Create corresponding access credentials in Databend:

--Set up connection
CREATE CONNECTION my_r2_conn 
    STORAGE_TYPE = 's3' 
    SECRET_ACCESS_KEY = '<your-access-key>' 
    ACCESS_KEY_ID = '<your-key-id>'
    ENDPOINT_URL = '<your-endpoint-url>';

Create a data table powered by the Delta table engine:

-- Create table with Open Table Format engine
CREATE TABLE penguins
    ENGINE = Delta
    LOCATION = 's3://penguins/' 
    CONNECTION_NAME = 'my_r2_conn';

Use SQL to query and analyze data in tables

Verify data accessibility

First, let us output the species and islands of the 5 penguins to check whether the data in the Delta Table can be accessed correctly.

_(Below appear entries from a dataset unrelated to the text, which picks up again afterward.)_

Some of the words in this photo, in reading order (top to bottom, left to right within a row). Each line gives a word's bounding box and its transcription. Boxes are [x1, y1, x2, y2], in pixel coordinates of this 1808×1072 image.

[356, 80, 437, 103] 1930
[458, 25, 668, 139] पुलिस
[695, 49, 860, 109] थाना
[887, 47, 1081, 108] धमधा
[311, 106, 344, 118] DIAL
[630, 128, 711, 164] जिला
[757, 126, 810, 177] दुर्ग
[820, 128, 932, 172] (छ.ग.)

SELECT species, island FROM penguins LIMIT 5;

Data filtering

Next, you can perform some basic data filtering operations, such as finding out which subgenus male penguins with flipper lengths exceeding 210mm may belong to.

SELECT DISTINCT species
                 FROM penguins 
                WHERE sex = 'Male' 
                  AND flipper_length_mm > 210;

data analysis

Similarly, we could try to calculate the ratio of bill length and depth for each penguin and output the five largest ones.

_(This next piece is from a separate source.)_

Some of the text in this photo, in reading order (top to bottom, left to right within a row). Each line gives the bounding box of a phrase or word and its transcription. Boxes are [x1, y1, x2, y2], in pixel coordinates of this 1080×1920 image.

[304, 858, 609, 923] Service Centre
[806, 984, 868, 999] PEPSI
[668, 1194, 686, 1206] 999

SELECT bill_length_mm / bill_depth_mm AS length_to_depth
                 FROM penguins
                ORDER BY length_to_depth DESC
                LIMIT 5;

Mixed data source case: Penguin observation log

Now we will enter an interesting part: Suppose we find an observation record from a scientific research station, let us try to enter this data under the same database, and try to conduct a simple data analysis: a bird of a specific gender What is the probability that a penguin is tagged by a scientist.

Create observation log table

Use the default FUSE engine to create penguin_observationsa table, including ID, date, name, penguin species and gender, remarks and other information.

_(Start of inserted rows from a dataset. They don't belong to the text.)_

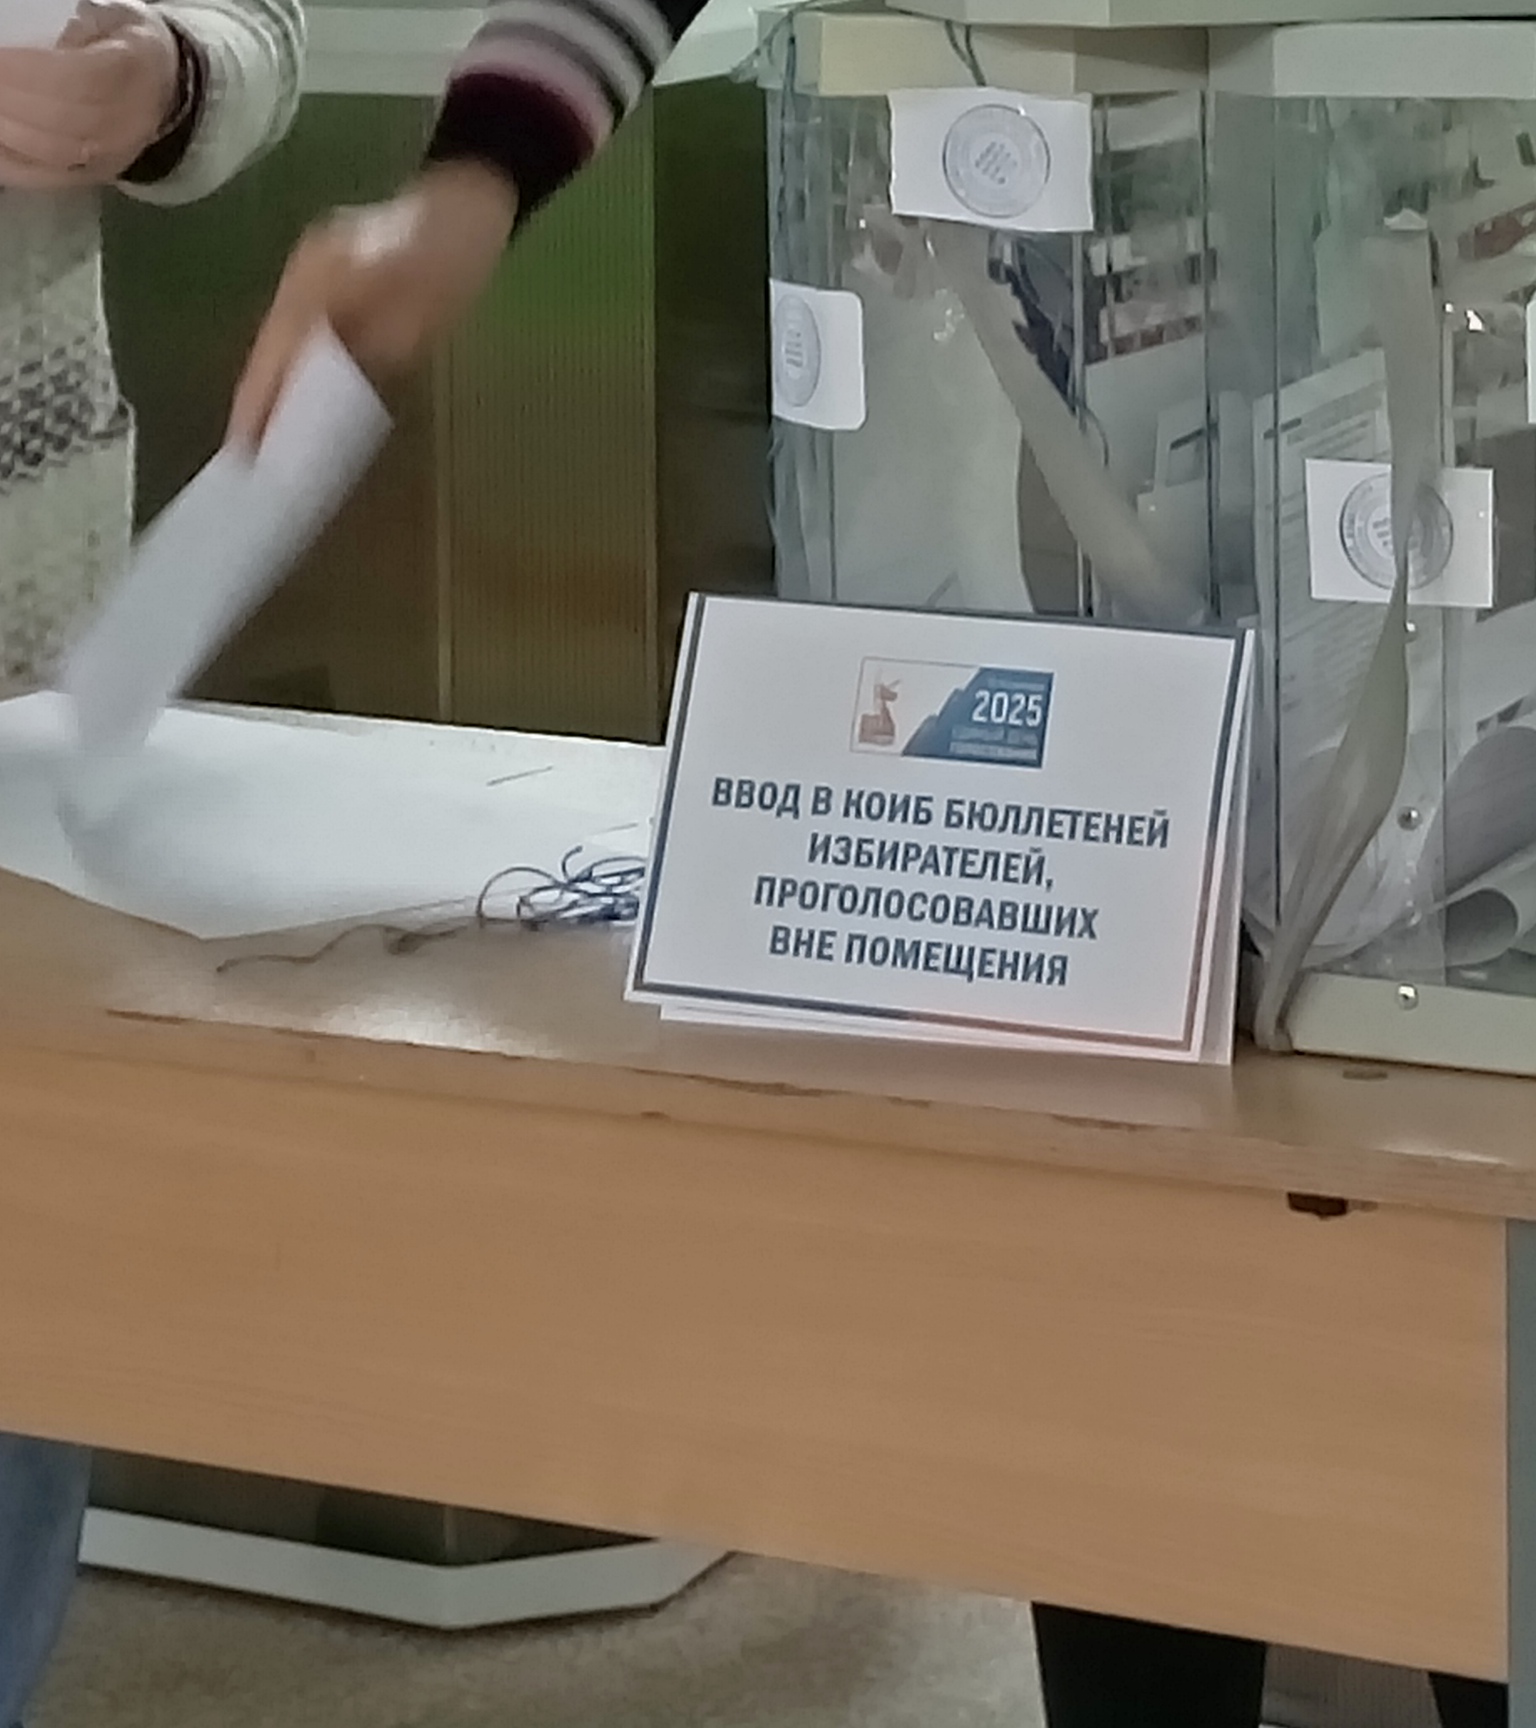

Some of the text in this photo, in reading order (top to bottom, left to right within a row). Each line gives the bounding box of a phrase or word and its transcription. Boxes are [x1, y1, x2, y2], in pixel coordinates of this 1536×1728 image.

[972, 690, 1043, 728] 2025
[712, 776, 1170, 849] ВВОД В КОИБ БЮЛЛЕТЕНЕЙ
[808, 832, 1053, 892] ИЗБИРАТЕЛЕЙ,
[754, 875, 1099, 940] ПРОГОЛОСОВАВШИХ
[769, 925, 1068, 986] ВНЕ ПОМЕЩЕНИЯ

CREATE TABLE penguin_observations (
    observation_id INT,
    observation_date DATE,
    observer_name VARCHAR,
    penguin_species VARCHAR,
    penguin_sex VARCHAR,
    notes TEXT,
);

Enter observation log

Let's try to enter all 10 logs manually. Penguins appearing in log records are known to be different from each other.

INSERT INTO penguin_observations (observation_id, observation_date, observer_name, penguin_species, penguin_sex, notes)
VALUES
(1, '2023-01-01', 'Dr. Kowalski', 'Adelie', 'Male', 'Noticed aggressive behavior towards peers.'),
(2, '2023-01-02', 'Dr. Smith', 'Chinstrap', 'Female', 'Sighted building a nest.'),
(3, '2023-01-03', 'Dr. Kowalski', 'Gentoo', 'Female', 'Observed feeding offspring.'),
(4, '2023-01-04', 'Dr. Smith', 'Adelie', 'Male', 'Found resting by the shoreline.'),
(5, '2023-01-05', 'Dr. Kowalski', 'Adelie', 'Female', 'Engaged in mating rituals.'),
(6, '2023-01-06', 'Dr. Kowalski', 'Gentoo', 'Male', 'Spotted swimming in the open water.'),
(7, '2023-01-07', 'Dr. Smith', 'Chinstrap', 'Male', 'Appeared to be molting.'),
(8, '2023-01-08', 'Dr. Smith', 'Gentoo', 'Female', 'Seen with a potential mate.'),
(9, '2023-01-09', 'Dr. Kowalski', 'Adelie', 'Female', 'Observed preening feathers.'),
(10, '2023-01-10', 'Dr. Kowalski', 'Adelie', 'Male', 'Identified with a tagged flipper.');

Calculate marking probability

Now let us calculate the probability that a certain male Adelie penguin is observed by Dr. Kowalski among all penguins. First we need to count the number of male Adelie penguins observed by Dr. Kowalski, then count the number of all recorded male Adelie penguins, and finally divide to get the result.

SELECT
    (SELECT COUNT(*)
     FROM penguin_observations
     WHERE observer_name = 'Dr. Kowalski'
     AND species = 'Adelie'
     AND sex = 'Male')::FLOAT /
    (SELECT COUNT(*)
     FROM penguins
     WHERE species = 'Adelie'
     AND sex = 'Male')::FLOAT AS observation_probability;

Summarize

By combining different table engines for query, Databend / Databend Cloud can support mixing tables of different formats under the same database for analysis and query. This article only provides a basic Workshop for everyone to experience the functions and use. You are welcome to expand based on this case and explore more scenarios of combining Iceberg and Delta Table for data analysis, as well as more potential real-world applications.